The climate is favorable, characterized by two well-defined seasons: a rainy season from January to June, and a dry season from July to December. The annual average temperature is 26.5 °C, and the wind blows predominantly from the east at an average speed of 12 m/s.

Helton da Silva Arruda, a famous Brazilian goalkeeper, was born in the city.

The municipality contains a small part of the Baixada Maranhense Environmental Protection Area, a  sustainable use conservation unit created in 1991 that has been a Ramsar Site since 2000.

Rocket Launch Center
The Brazilian Space Agency maintains a launch site in Alcântara.

The Alcântara Launch Center is located in the historic city of Alcântara, close to city of Sao Luis, capital of the State of Maranhão.
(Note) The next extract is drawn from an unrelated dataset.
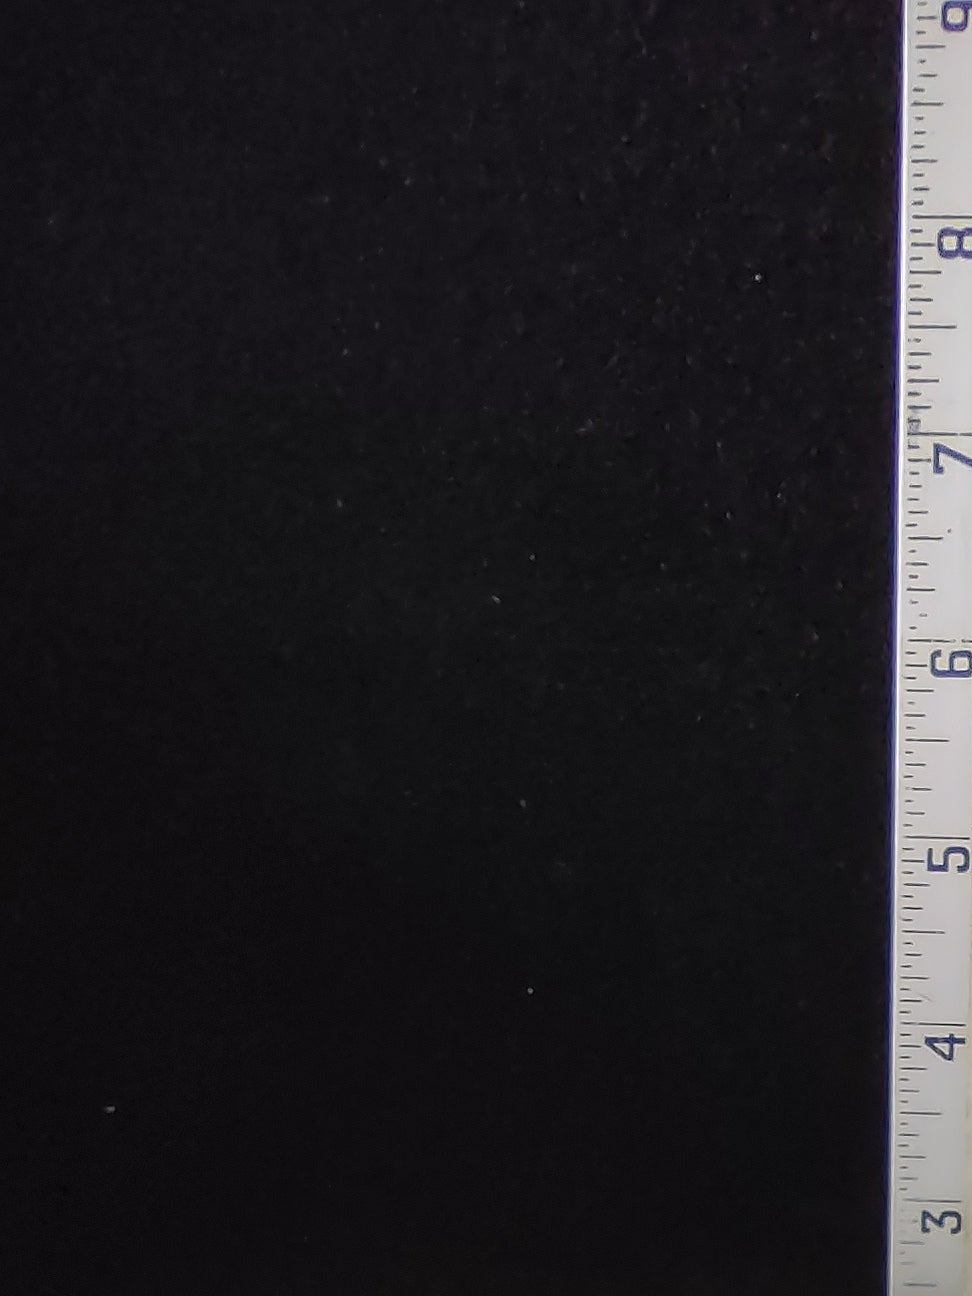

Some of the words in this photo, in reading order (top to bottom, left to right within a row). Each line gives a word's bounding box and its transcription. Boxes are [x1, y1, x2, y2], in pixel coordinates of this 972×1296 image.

[927, 846, 970, 873] 5
[924, 1033, 966, 1061] 4
[921, 1210, 962, 1235] 3
The geographic coordinates are 2°18′S and 44°22′W.

The Launch Center comprises the Cyclone-4 Launch Site, under the responsibility of ACS, and a set of facilities under the responsibility of the Brazilian Air Force (FAB), and the Brazilian Space Agency (AEB), which include general infrastructure and dedicated complexes for the launching of the Brazilian Satellite Launch Vehicle (SLV).

The overall infrastructure consists of an airport with a 2,600 meter-long runway, a Command and Control Sector equipped with telemetry, communication, meteorology, radar and electricity supply systems, and an Administrative center with hotels, a hospital and administrative buildings.

The general infrastructure also includes roads, and a project for a seaport which is currently underway.

Technical Complex
The main components of the Cyclone-4 launch site are the Technical Complex and the Launch Complex. The Satellite Assembly Integration and Testing Building is located in the Technical Complex. This building has clean rooms for receiving, testing, fuelling and satellite integration to the launch vehicle payload unit. This building is connected to the Launch Vehicle Assembly, Integration and Testing Building, where the launch vehicle parts are received and tested, and the entire vehicle assembled. The integration of the payload unit, already with the satellite, to the launch vehicle is performed in this building.

The Launch Complex receives the Cyclone-4 launch vehicle horizontally by a railway that connects the launch complex to the technical complex. The launch vehicle is tilted to the vertical position, and the final tests are performed automatically. The launch complex is designed so that the launch vehicle fuelling and launching are performed automatically, thus allowing a safe and reliable operation.

On August 22, 2003, an accident occurred when a VLS-1 rocket accidentally exploded, killing 21 Brazilian technicians.